Modulation of Ca2+-activated K+ channels by Mg2+ and ATP in frog oxyntic cells.

Ca2+-activated K+ channels in the basolateral plasma membrane of bullfrog oxynticopeptic cells are intimately involved in the regulation of acid secretion. Patch-clamp techniques were applied to study the regulating mechanism of these channels. In the excised inside-out configuration, intracellular Mg2+ decreased channel activity in a dose-dependent manner. In the absence of Mg2+, administration of adenosine 5'-trisphosphate (ATP) to the cytoplasmic side also inhibited channel activity. On the other hand, in the presence of Mg2+, addition of ATP markedly increased channel activity. At a fixed concentration of free Mg2+, the Mg-ATP complex caused channel activation and shifted the dose response relationship between channel activity and the intracellular Ca2+ concentration to the left.
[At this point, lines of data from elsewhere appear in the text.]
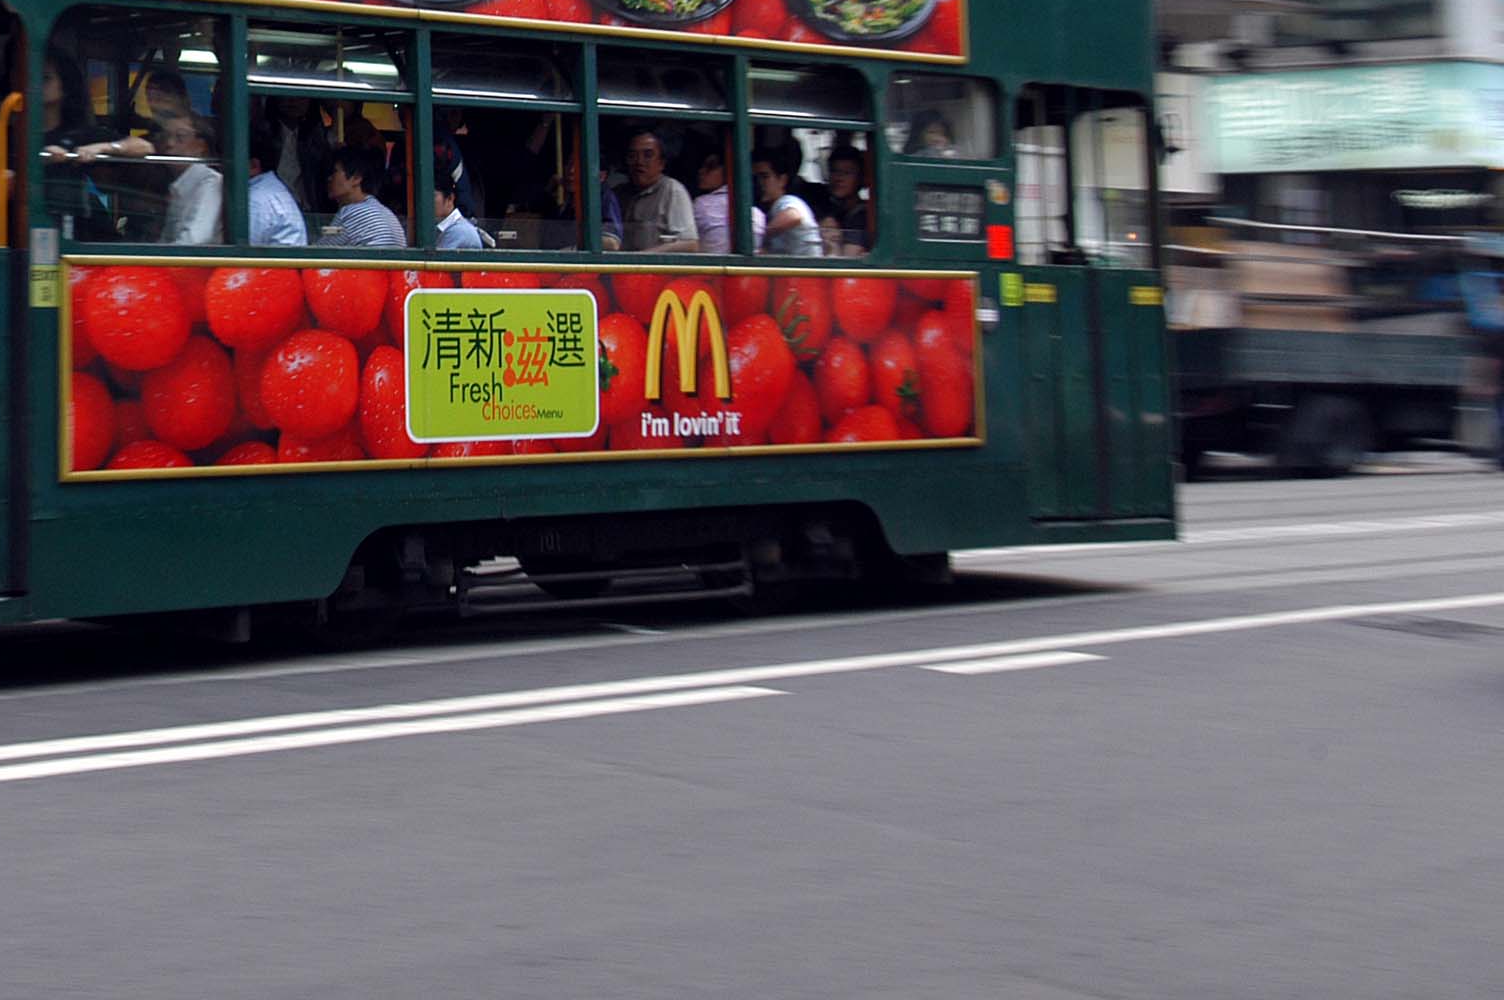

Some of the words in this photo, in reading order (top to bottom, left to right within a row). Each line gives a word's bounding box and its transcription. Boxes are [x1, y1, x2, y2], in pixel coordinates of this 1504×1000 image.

[422, 308, 586, 387] 清新滋選
[450, 372, 503, 403] Fresh
[537, 408, 564, 419] Menu
[641, 411, 670, 437] i'm
[673, 411, 724, 437] lovin'
[725, 411, 742, 436] it
A nonhydrolysable ATP analogue, adenosine 5'-[beta,gamma-imido]triphosphate (AMP-PNP) adenylyl [beta,gamma-methylene]diphosphate (AMP-PCP), could not substitute for ATP in channel activation, but a hydrolysable ATP analogue, adenosine 5'-O-(3-thiotriphosphate) (ATP[gammaS]) could do so. Furthermore, application of alkaline phosphatase to the cytoplasmic side inhibited channel activity. These results demonstrate that Ca2+-activated K+ channels are regulated by Mg2+ and ATP, and suggest that a phosphorylation reaction may be involved in the regulation mechanism of these channels.